___ GIVEN RECORDS

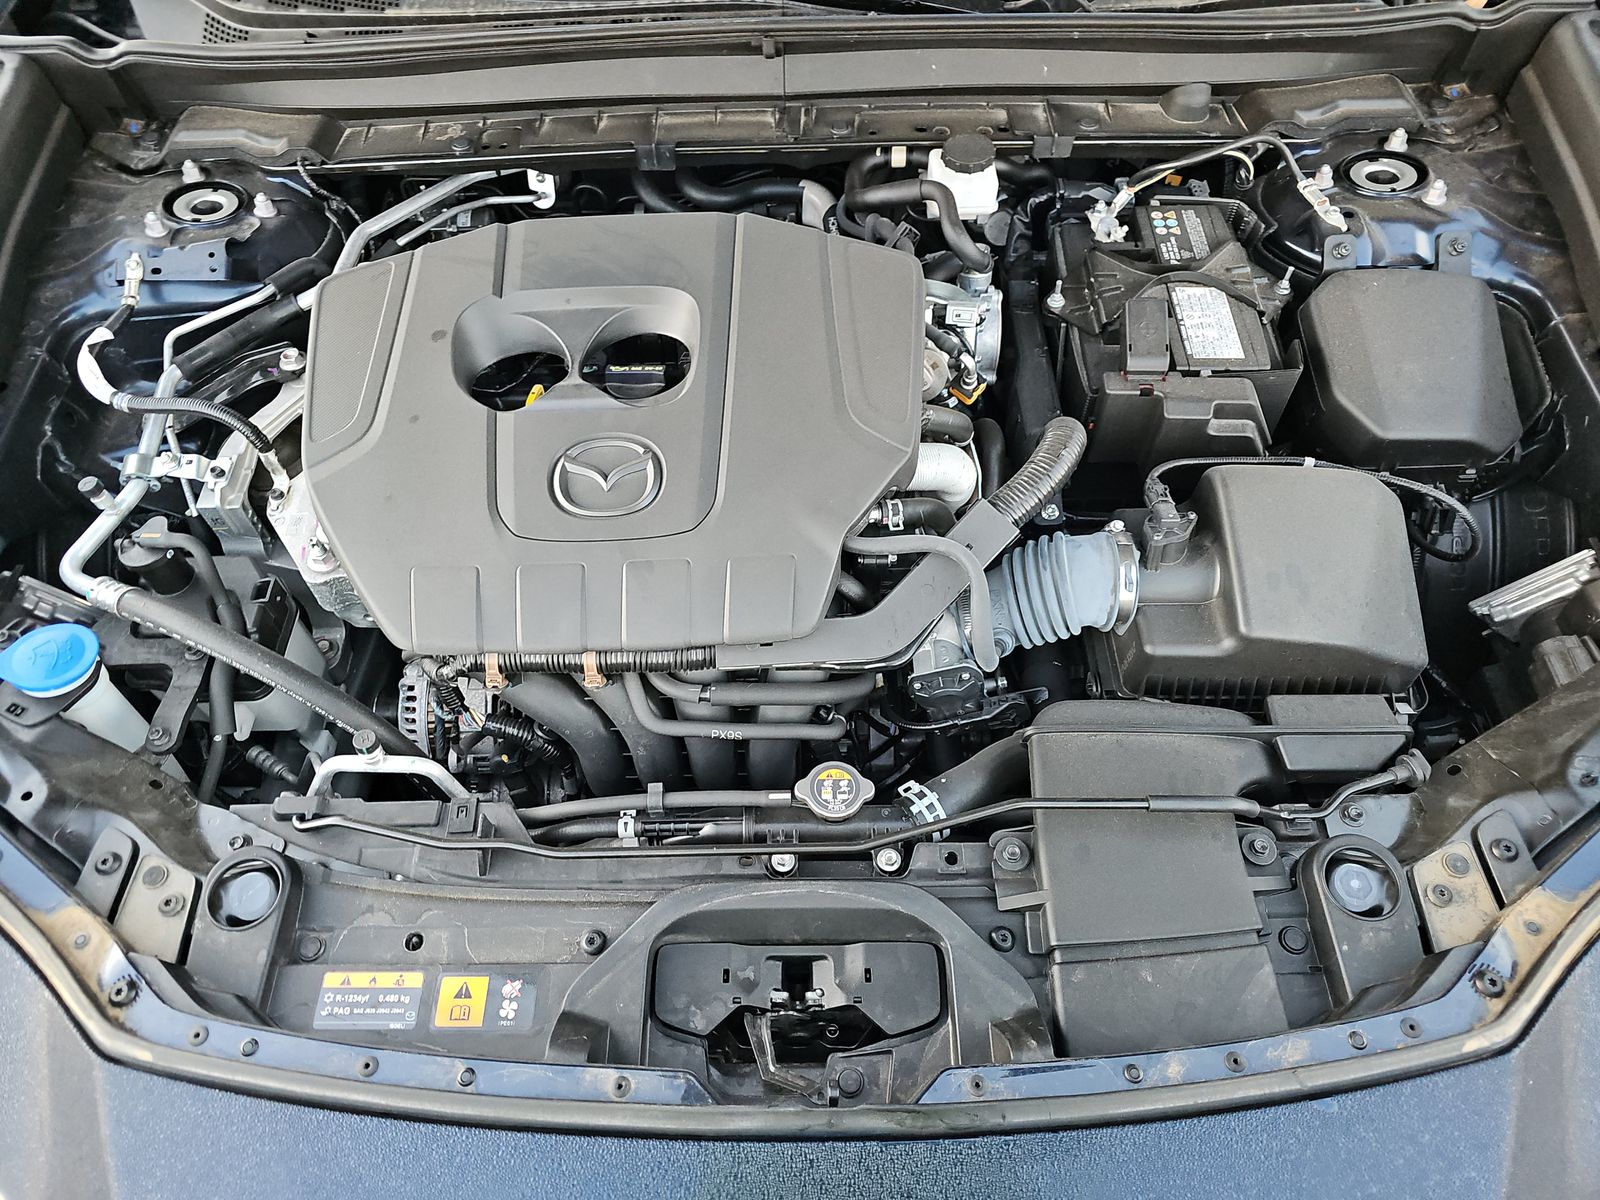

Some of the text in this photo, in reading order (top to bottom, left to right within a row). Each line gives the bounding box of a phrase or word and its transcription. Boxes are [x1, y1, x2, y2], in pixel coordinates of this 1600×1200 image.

[335, 994, 370, 1004] R-1234yf
[399, 994, 411, 1004] kg
[332, 1007, 351, 1015] PAG
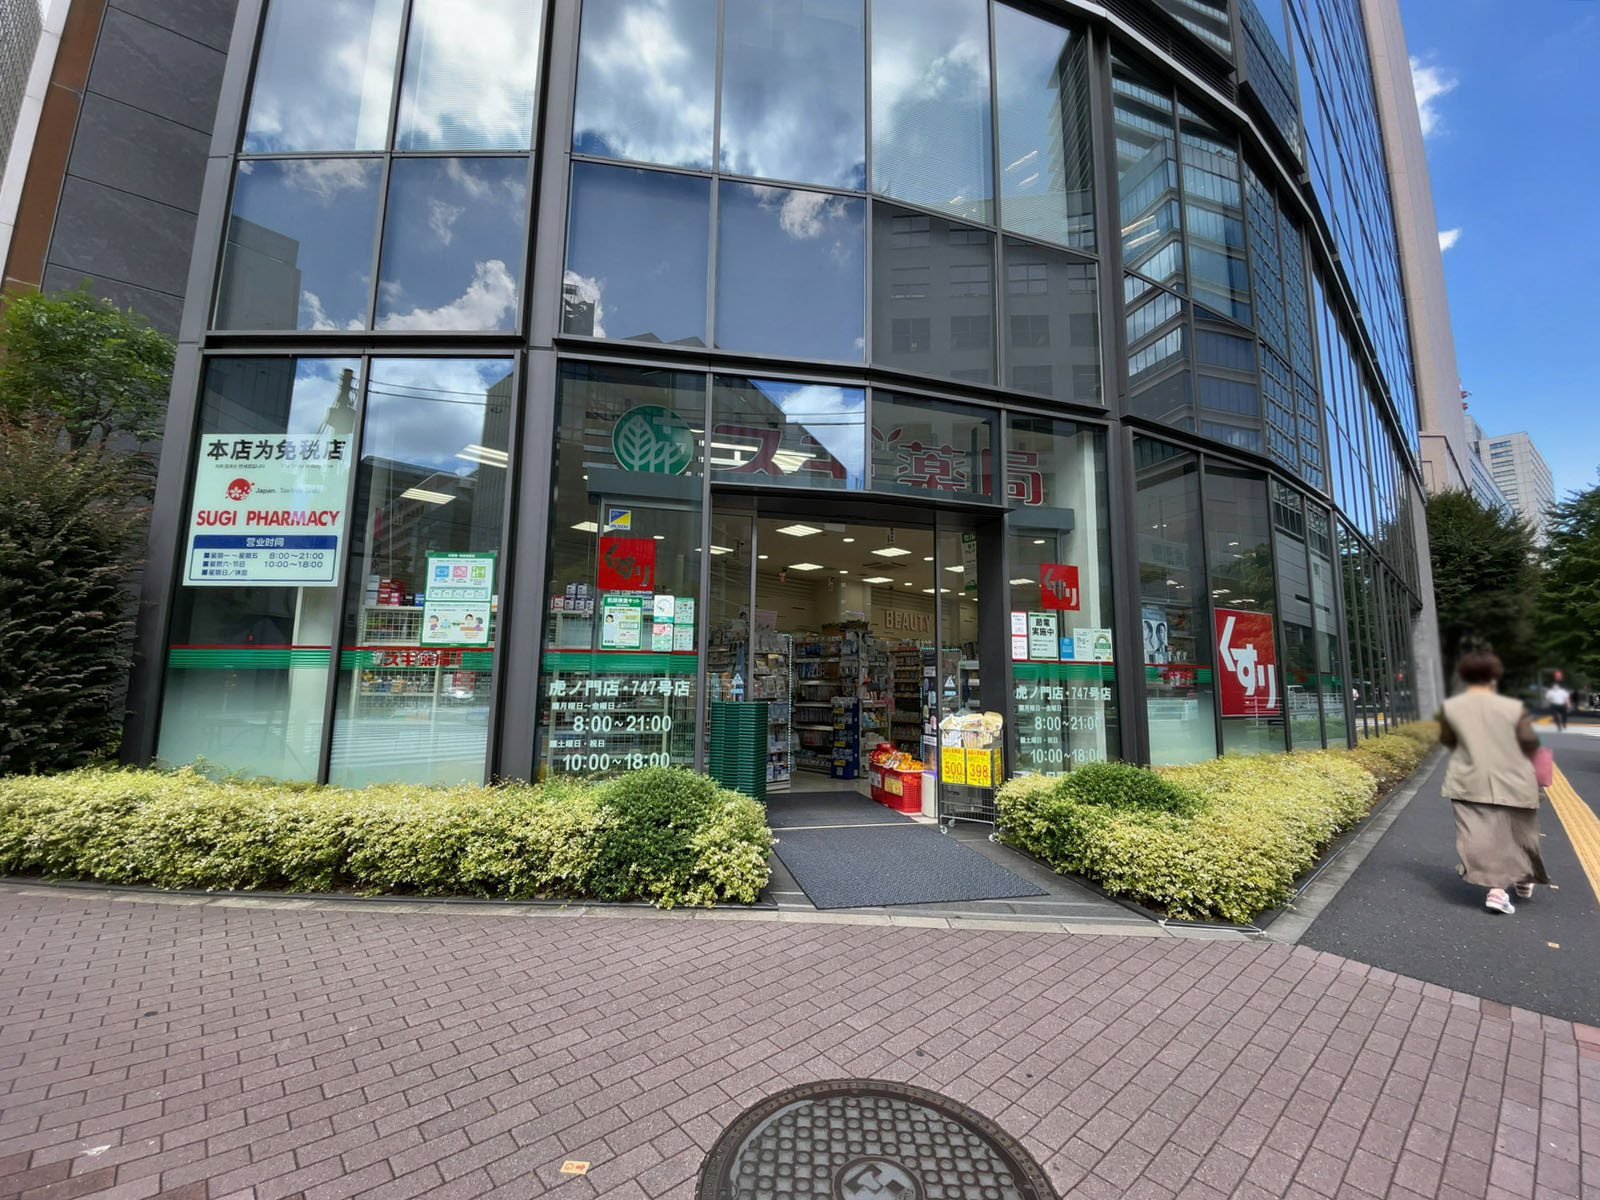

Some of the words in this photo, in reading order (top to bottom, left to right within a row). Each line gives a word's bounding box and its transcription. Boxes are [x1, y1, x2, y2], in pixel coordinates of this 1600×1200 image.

[207, 439, 346, 461] 本店为免税店
[196, 510, 237, 526] SUGI
[246, 510, 340, 526] PHARMACY
[246, 537, 284, 548] 营业时间
[604, 543, 650, 587] くすり
[1044, 568, 1077, 606] くすり
[884, 609, 930, 633] BEAUTY
[1031, 627, 1054, 636] 実施中
[1219, 616, 1276, 708] くすり
[945, 761, 963, 775] 500
[969, 763, 988, 778] 398

______

§ ACTIVITY
Please output only the lines from the one holding "Some of the words" to the end of the records, first and last included, exactly as they appear.

§ SOLUTION TO THIS TASK
Some of the words in this photo, in reading order (top to bottom, left to right within a row). Each line gives a word's bounding box and its transcription. Boxes are [x1, y1, x2, y2], in pixel coordinates of this 1600×1200 image.

[207, 439, 346, 461] 本店为免税店
[196, 510, 237, 526] SUGI
[246, 510, 340, 526] PHARMACY
[246, 537, 284, 548] 营业时间
[604, 543, 650, 587] くすり
[1044, 568, 1077, 606] くすり
[884, 609, 930, 633] BEAUTY
[1031, 627, 1054, 636] 実施中
[1219, 616, 1276, 708] くすり
[945, 761, 963, 775] 500
[969, 763, 988, 778] 398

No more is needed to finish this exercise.